Christopher Pages Hyperionopname ‘A feather on the breath of God’ (Hyperion CDA 66039) uit 1984 sloot zo ongeveer het eerste stadium van haar herontdekking af. Fiona Maddocks legt dat alles nog eens duidelijk uit en voegt daaraan andere aspecten van Hildegards leven aan toe. In de late jaren zeventig vorige eeuw begon Matthew Fox, ooit een Dominicaanse monnik uit Californië, de aandacht te vragen voor de spiritualiteit en de mystiek van Hildegard, waarmee hij haar belangrijk maakte voor de New Age richting. Het belangrijkste doel van Maddocks studie is nu Hildegards creativiteit in zijn hele omvang te beschrijven.

Dat ze vrijwel niets te zeggen heeft over de kwaliteit van haar muziek is spijtig en past niet bij de critica van de Engelse Observer. Het hoofdstuk over muziek gaat vooral over andere Middeleeuwse muziek en de discografie is veel te beperkt. Maar ze vermijdt technische details: er zijn geen muziekvoorbeelden en alle teksten zijn in Engelse vertaling met hier en daar een verheldering in Latijn.

Positief beschouwd heeft ze zo een boek geschreven dat iedere geïnteresseerde leek kan begrijpen. In de biografische gedeelten wordt Hildegards leven in de kontekst van haar tijd en haar spiritualiteit geplaatst. Met een imposante, maar geen moment als zware kost aandoende eruditie put ze uit een hele reeks vroege bronnen om de lezer duidelijk te maken wie precies nu Hildegard von Bingen was.

Een kostelijk interview aan het eind met een non uit het klooster St. Hildegard in Eibingen geeft het gevoel dat daar in de loop der tijd niet zoveel wezenlijk is veranderd. Maddocks gidst de lezer door de belangrijkste delen van haar oeuvre. Haar publicaties op medisch en biologisch gebied laten een scherp waarnemingsvermogen zien. En het hoofdstuk ‘On sexuality’ zit vol met uitspraken die Hildegards vertrouwd zijn met feiten die men allerminst van een non zou verwachten illustreren.

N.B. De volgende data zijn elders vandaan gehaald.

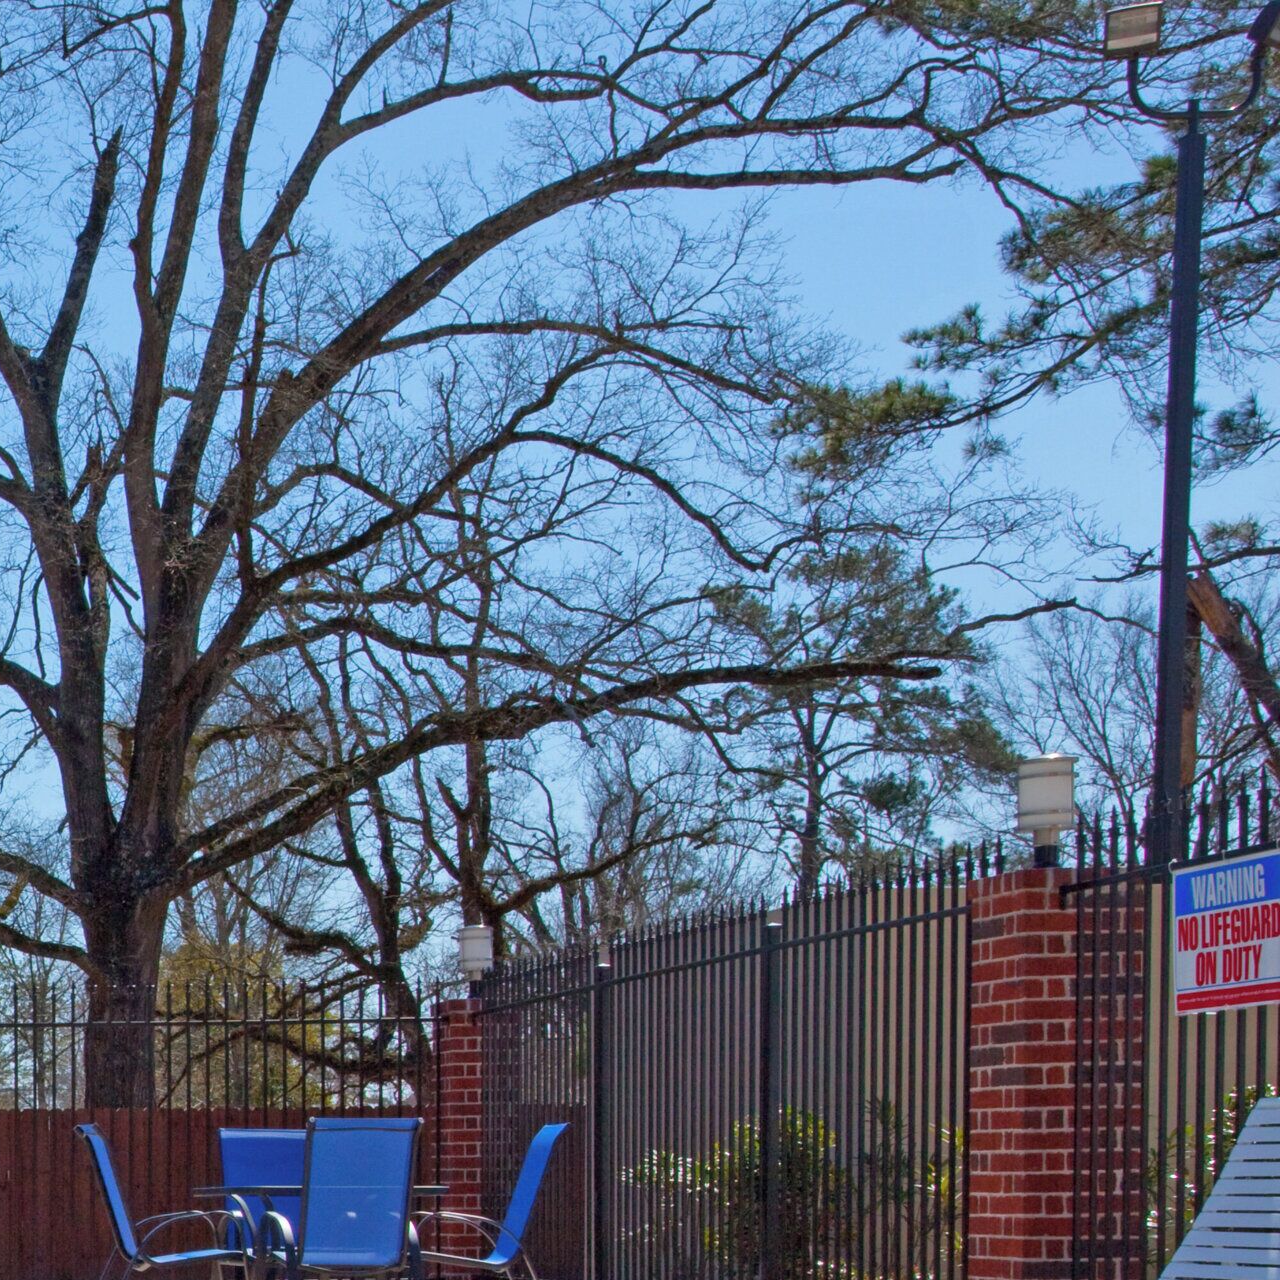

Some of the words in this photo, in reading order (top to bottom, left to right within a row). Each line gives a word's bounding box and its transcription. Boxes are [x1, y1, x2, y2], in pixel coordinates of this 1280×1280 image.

[1191, 863, 1266, 910] WARNING
[1178, 916, 1199, 952] NO
[1201, 902, 1280, 949] LIFEGUARD
[1195, 950, 1217, 987] ON
[1222, 944, 1262, 984] DUTY
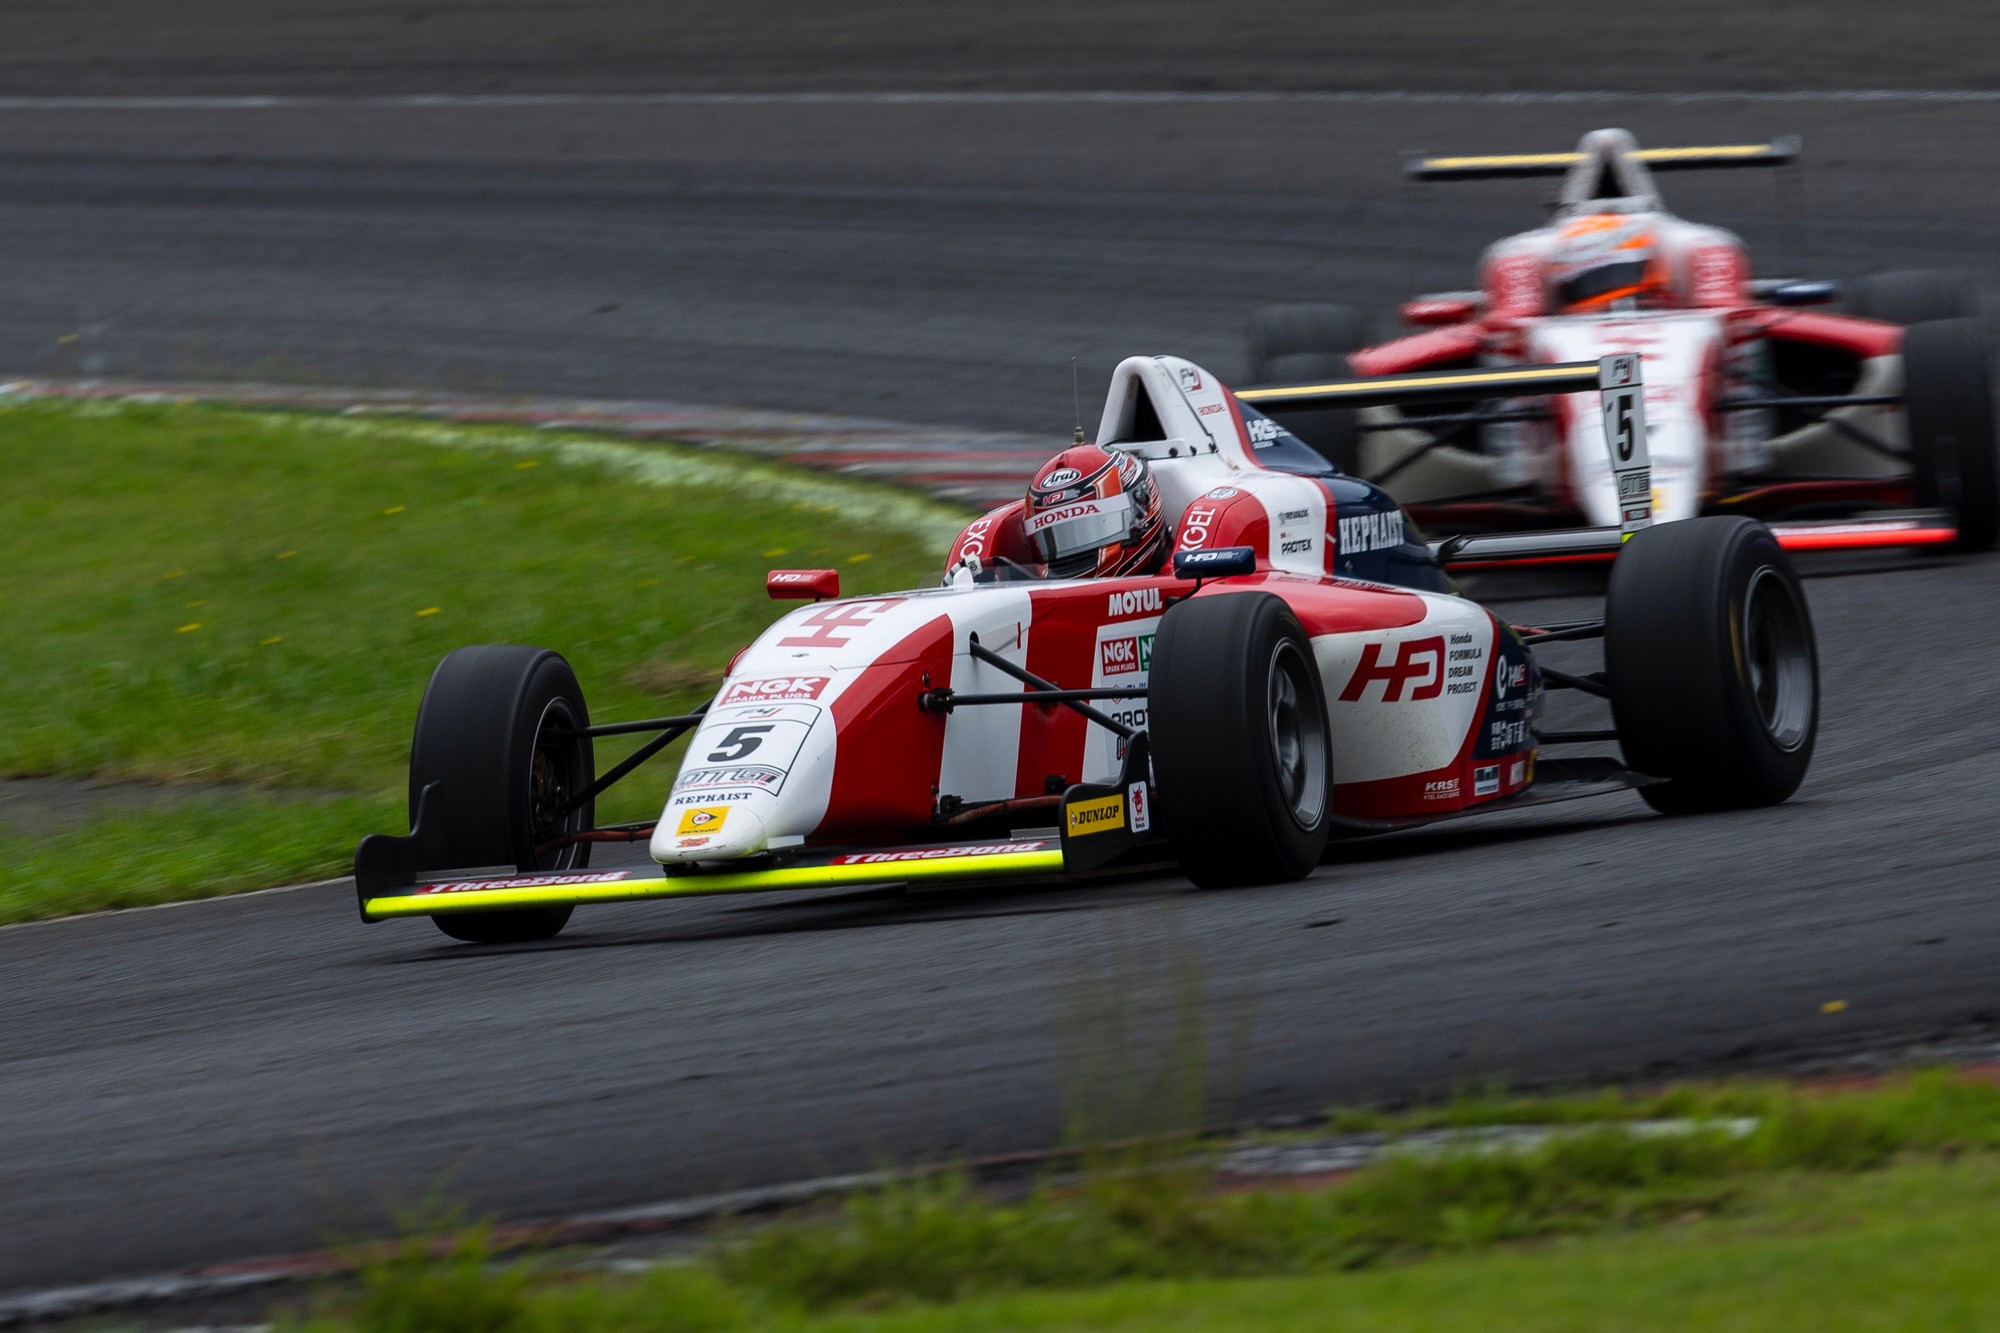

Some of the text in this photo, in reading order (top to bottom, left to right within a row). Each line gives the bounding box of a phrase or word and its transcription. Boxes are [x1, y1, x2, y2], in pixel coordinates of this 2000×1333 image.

[1617, 394, 1634, 462] 5
[1033, 504, 1100, 530] HONDA
[1108, 587, 1163, 617] MOTUL
[1450, 632, 1473, 646] Honda
[1103, 639, 1135, 664] NGK
[1449, 647, 1483, 662] FORMULA
[1448, 664, 1474, 678] DREAM
[726, 692, 811, 704] SPARK PLUGS
[729, 677, 821, 698] NGK
[1447, 681, 1478, 695] PROJECT
[707, 724, 776, 762] 5
[1078, 805, 1119, 824] DUNLOP
[843, 841, 1044, 864] ThreeBond
[429, 870, 630, 893] ThreeBond

Wat Maddocks – net als alle andere schrijvers over Hildegard – moeilijk lijkt te vallen, is haar plaatsbepaling in haar tijd. Wat was haar status? Er is correspondentie genoeg met en van de leidende politieke figuren, maar hoe gangbaar was dat? Maddocks vermeldt terloops dat Elisabeth von Schönau’s religieuze geschriften veel meer verbreiding vonden dan die van Hildegard, dat Trotula van Salerna de meest geciteerde medische geleerde uit die tijd was en dat een van de belangrijkste schrijfsters over seks en contraceptie Cleopatra de gynaecoloog was.

Heel wat lezers zouden best wat meer willen ervaren. Bijvoorbeeld of haar prestaties op andere terreinen even individueel en belangrijk zijn als die op muziekgebied. Maar wat Maddocks zonneklaar maakt, is dat Hildegard een moeilijk iemand was: dominant, alle aandacht opeisend, arrogant en voortdurend prikkelbaar. Maar er is geen enkele componist vòòr Lassus en Monteverdi over wie we zoveel van dit soort informatie bezitten.